Inference Parameters

Diffusion Steps

  • --inference_steps: Number of planned inference iterations

    • Default: 20
    • Higher values may improve accuracy but increase runtime
  • --actual_steps: Actual diffusion steps executed

    • Default: 19
  • --no_final_step_noise: Omit noise at the final diffusion step

    • Default: true

Sampling Settings

  • --samples_per_complex: Number of samples to generate per complex

    • Default: 10
    • More samples provide better coverage but increase computation
  • --sigma_schedule: Noise schedule type

    • Default: expbeta (exponential-beta)
  • --initial_noise_std_proportion: Initial noise standard deviation scaling

    • Default: 1.46

Temperature Parameters

Sampling Temperatures (Controls diversity of predictions)

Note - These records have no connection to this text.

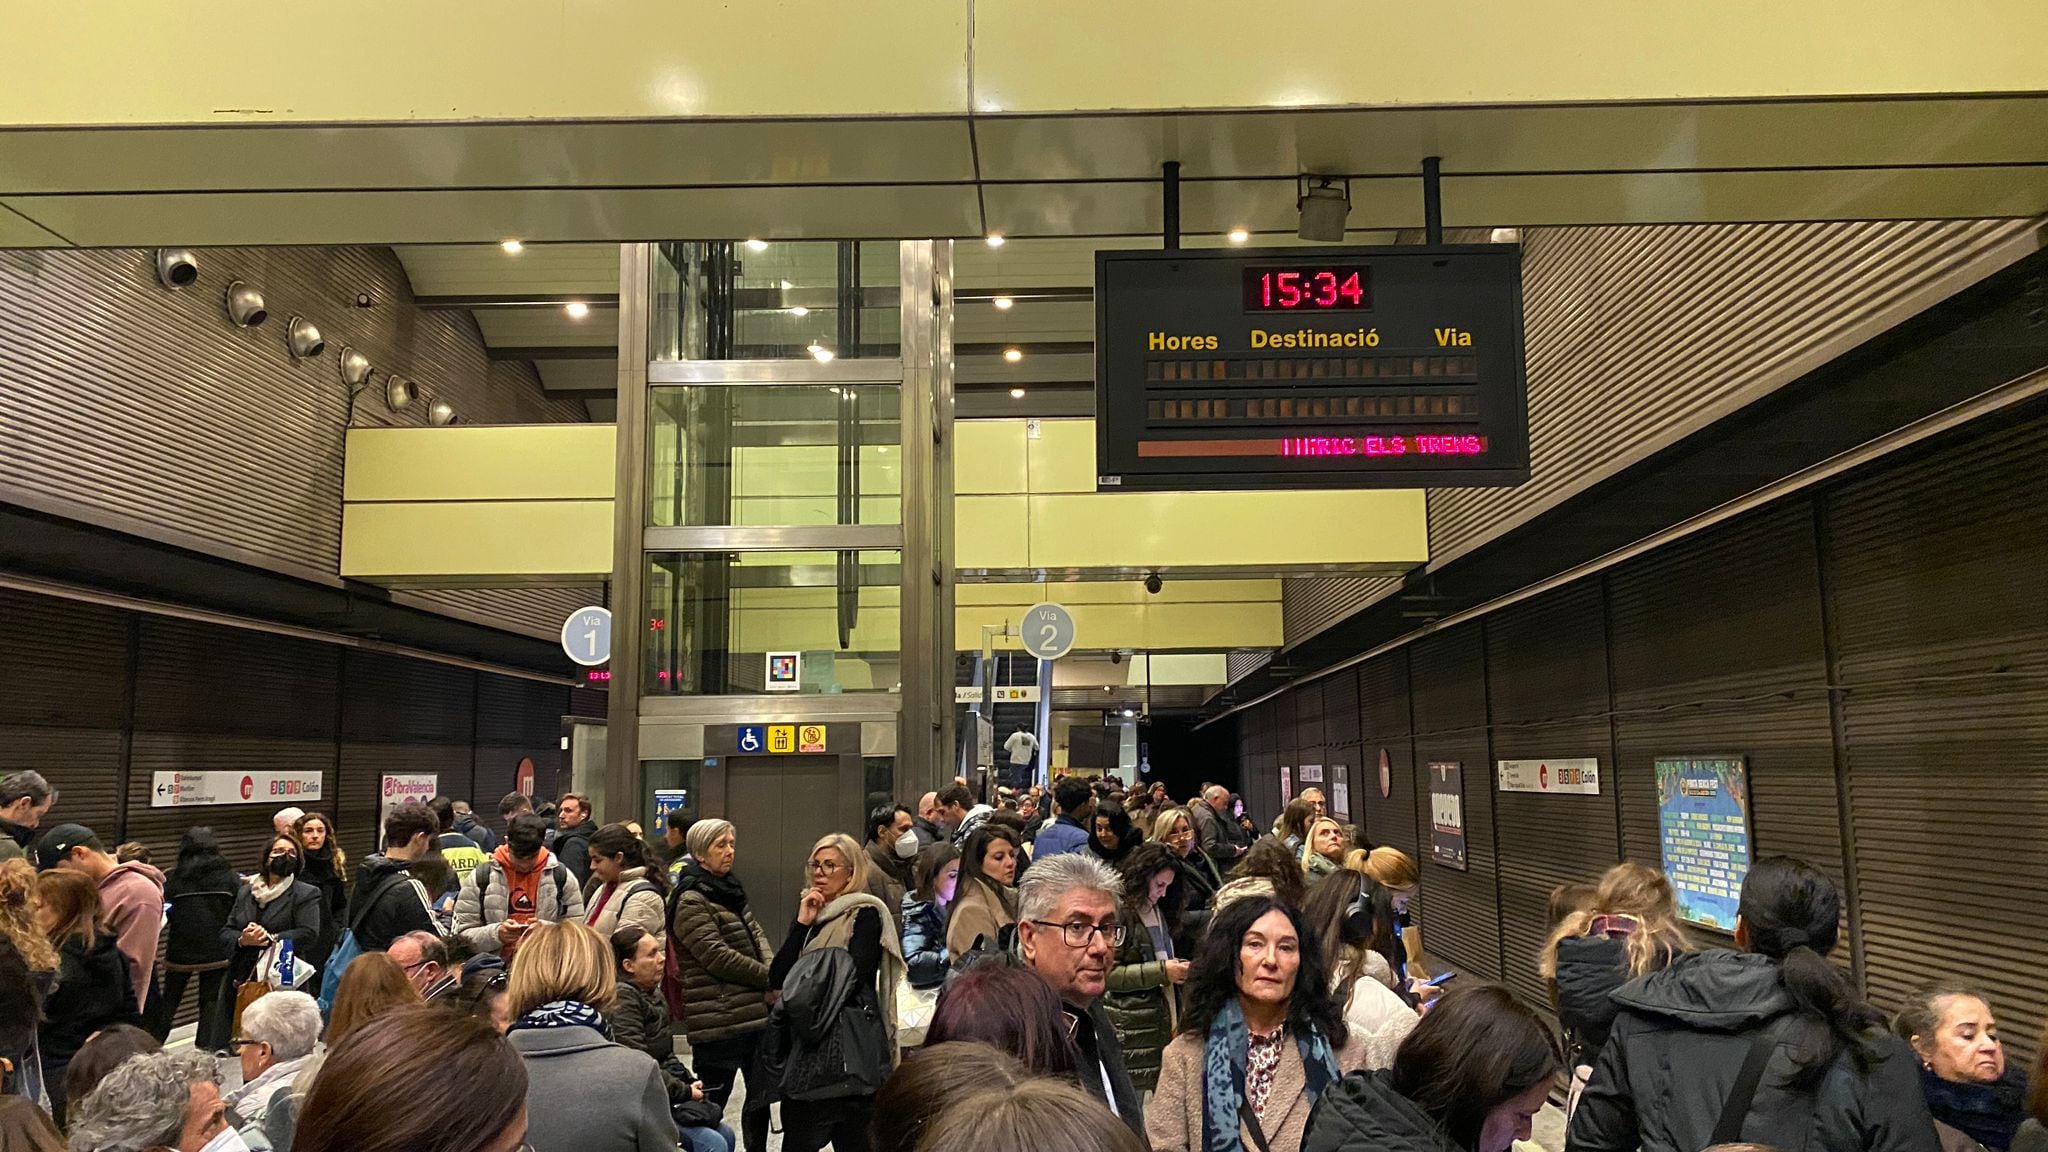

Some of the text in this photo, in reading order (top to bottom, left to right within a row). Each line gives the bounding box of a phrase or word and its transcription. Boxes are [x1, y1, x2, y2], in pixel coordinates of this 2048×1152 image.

[1261, 271, 1363, 307] 15:34
[1148, 327, 1472, 351] Hores Destinació Via
[1366, 436, 1406, 455] ELS
[1415, 436, 1481, 454] TRENS
[583, 615, 601, 626] Via
[1039, 610, 1057, 621] Via
[583, 629, 596, 656] 1
[1040, 624, 1059, 651] 2
[1581, 770, 1596, 784] Colón
[302, 781, 319, 793] Colón
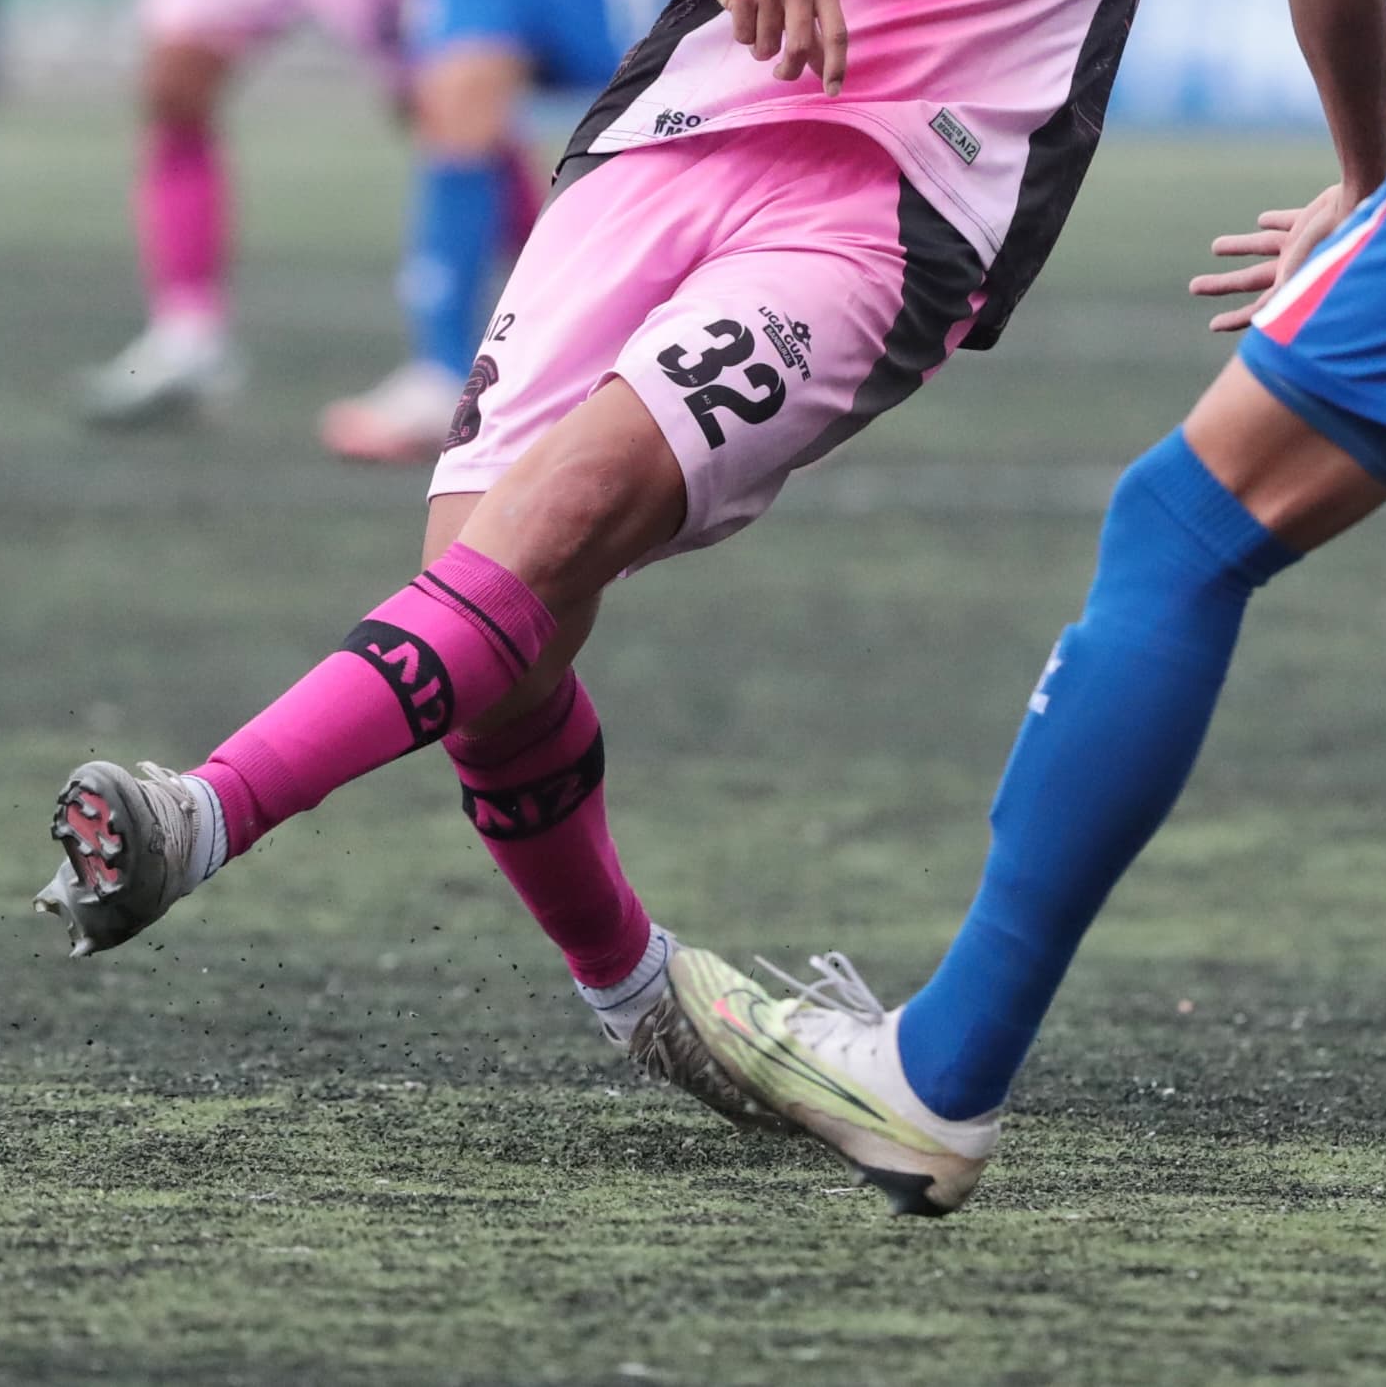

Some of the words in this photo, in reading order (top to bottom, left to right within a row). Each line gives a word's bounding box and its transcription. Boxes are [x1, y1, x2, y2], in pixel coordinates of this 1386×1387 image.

[653, 108, 711, 135] #SO
[758, 306, 785, 334] LIGA
[783, 333, 812, 382] GUATE
[656, 319, 786, 450] 32
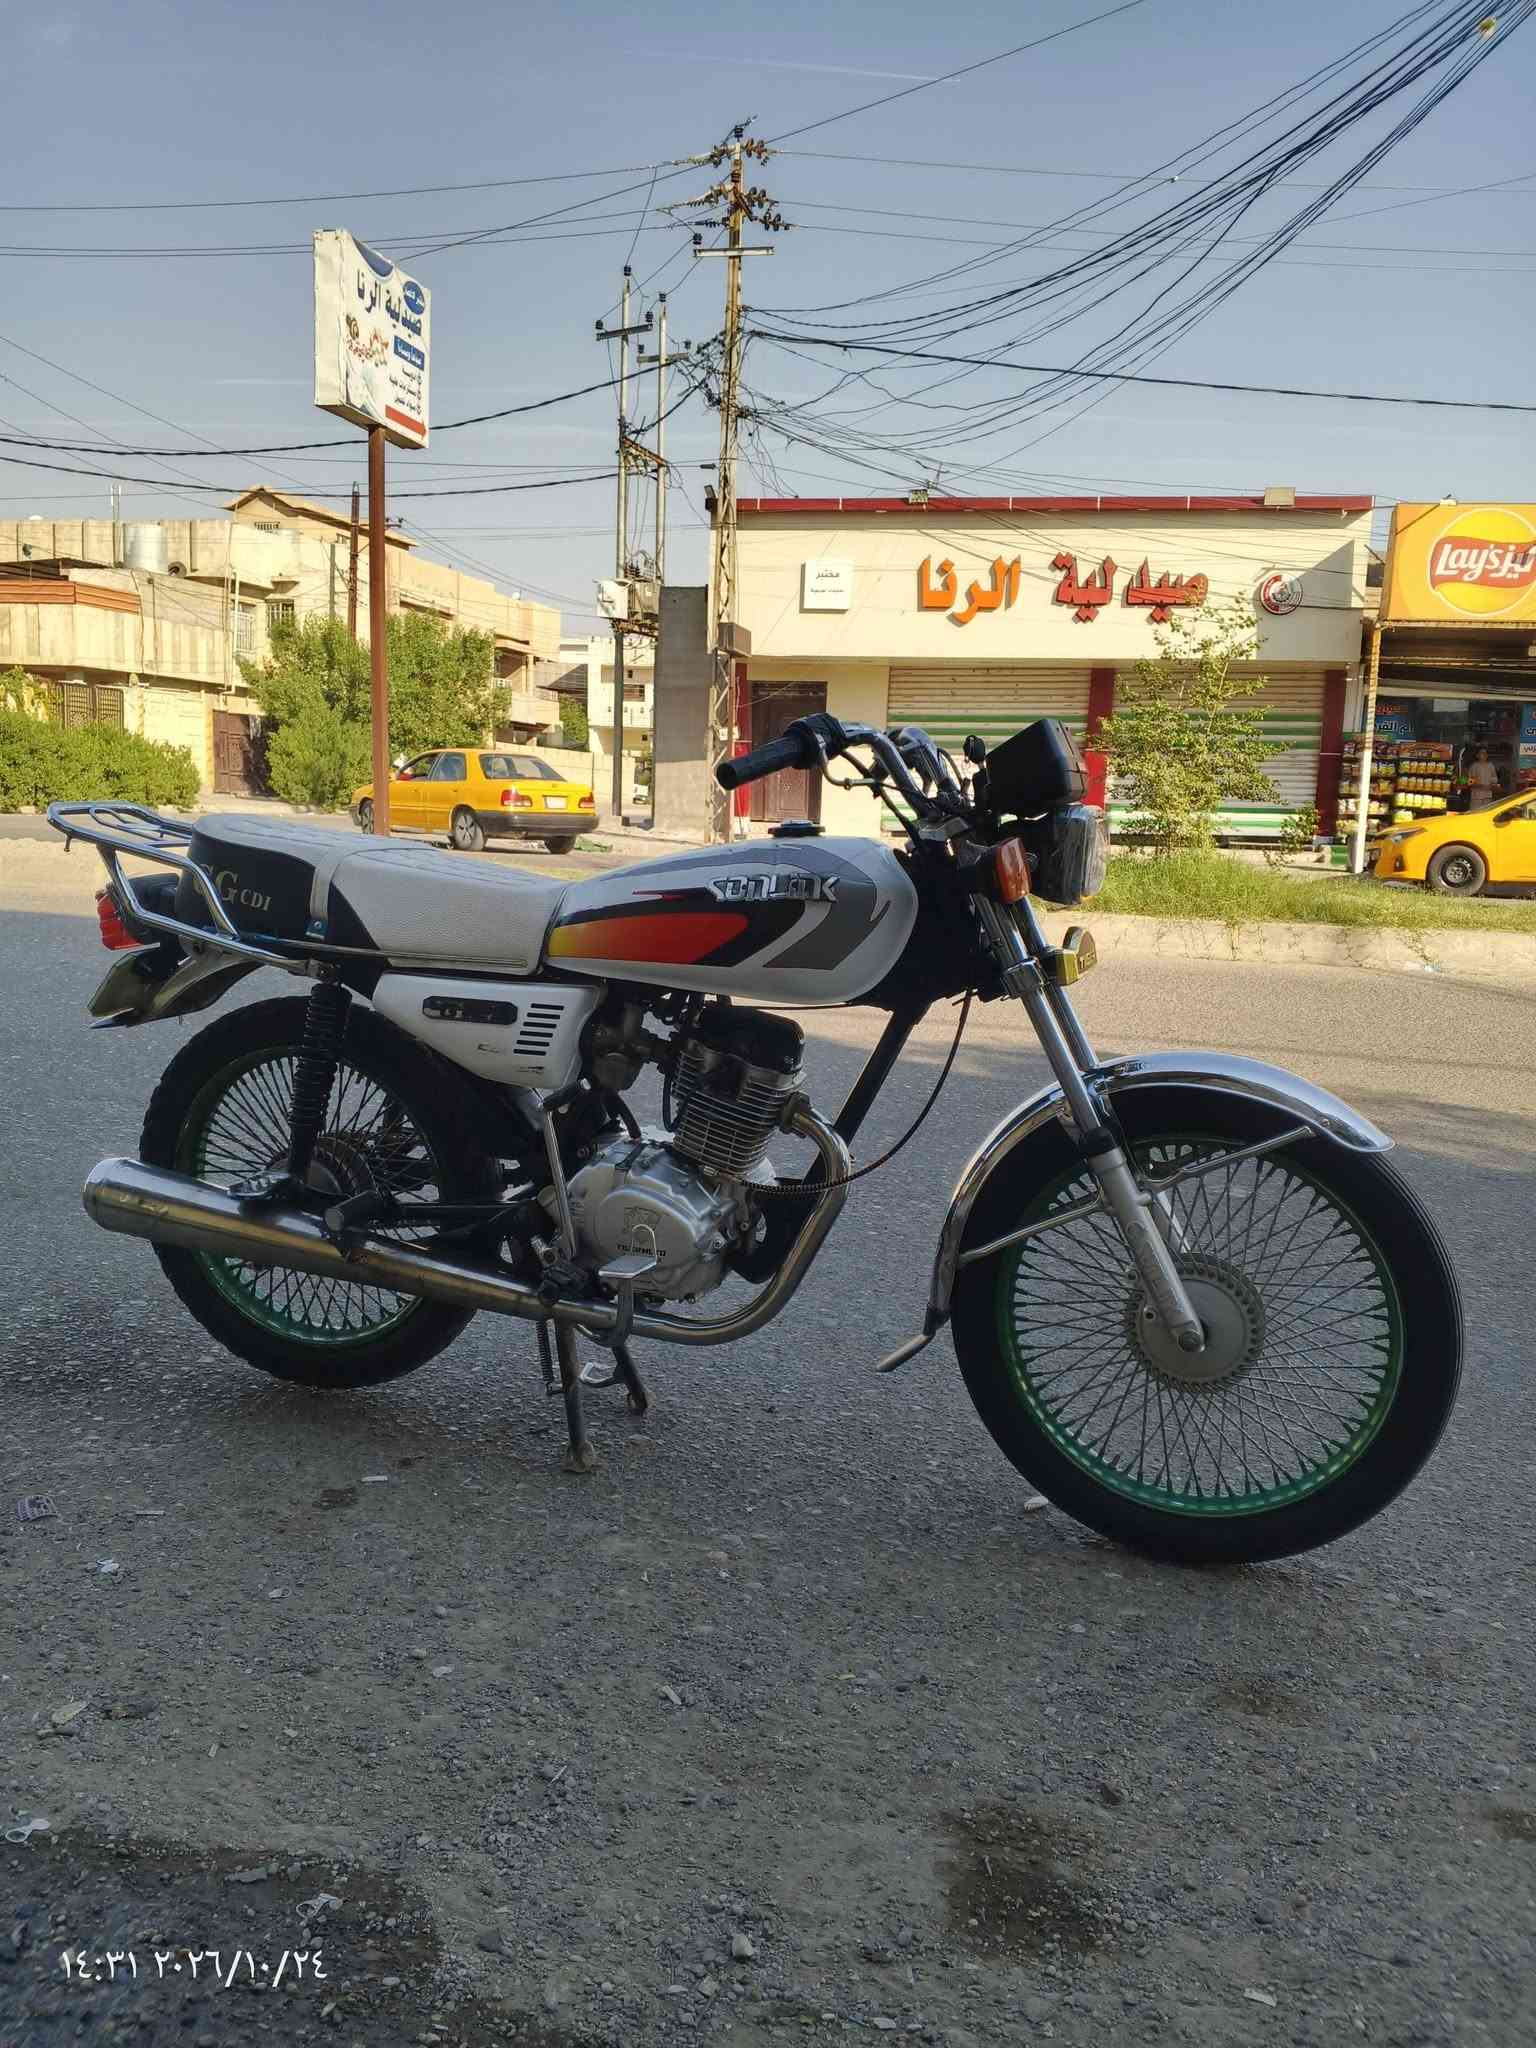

  • --temp_sampling_tr: Translation sampling temperature

    • Default: 1.17
  • --temp_sampling_rot: Rotation sampling temperature

    • Default: 2.06
  • --temp_sampling_tor: Torsion sampling temperature

    • Default: 7.04

Psi Angle Temperatures

  • --temp_psi_tr: Translation psi temperature

    • Default: 0.73
  • --temp_psi_rot: Rotation psi temperature

    • Default: 0.90
  • --temp_psi_tor: Torsion psi temperature

    • Default: 0.59

Sigma Data Temperatures

  • --temp_sigma_data_tr: Translation data distribution scaling

    • Default: 0.93
  • --temp_sigma_data_rot: Rotation data distribution scaling

    • Default: 0.75
  • --temp_sigma_data_tor: Torsion data distribution scaling

    • Default: 0.69

Processing Options

Performance

  • --batch_size: Processing batch size

    • Default: 10
    • Larger values increase throughput but require more memory
  • --tqdm: Enable progress bar visualization

    • Useful for monitoring long-running jobs

Protein Structure

  • --chain_cutoff: Maximum number of protein chains to process

    • Example: --chain_cutoff 10
    • Useful for large multi-chain complexes
  • --esm_embeddings_path: Path to pre-computed ESM2 protein embeddings

    • Speeds up inference by reusing embeddings
    • Optional optimization

Dataset Options

  • --split: Dataset split to use (train/test/val)
    • Used for evaluation on standard benchmarks

Advanced Flags

Debugging & Testing

  • --no_model: Disable model inference (debugging)

    • Default: false
  • --no_random: Disable randomization

    • Default: false
    • Useful for reproducibility testing

Alternative Sampling

  • --ode: Use ODE solver instead of SDE

    • Default: false
    • Alternative sampling approach
  • --different_schedules: Use different noise schedules per component

    • Default: false

Error Handling

  • --limit_failures: Maximum allowed failures before stopping
    • Default: 5

Configuration File

All parameters can be specified in a YAML configuration file (typically default_inference_args.yaml) or overridden via command line:

python -m inference --config default_inference_args.yaml --samples_per_complex 20

Command-line arguments take precedence over configuration file values.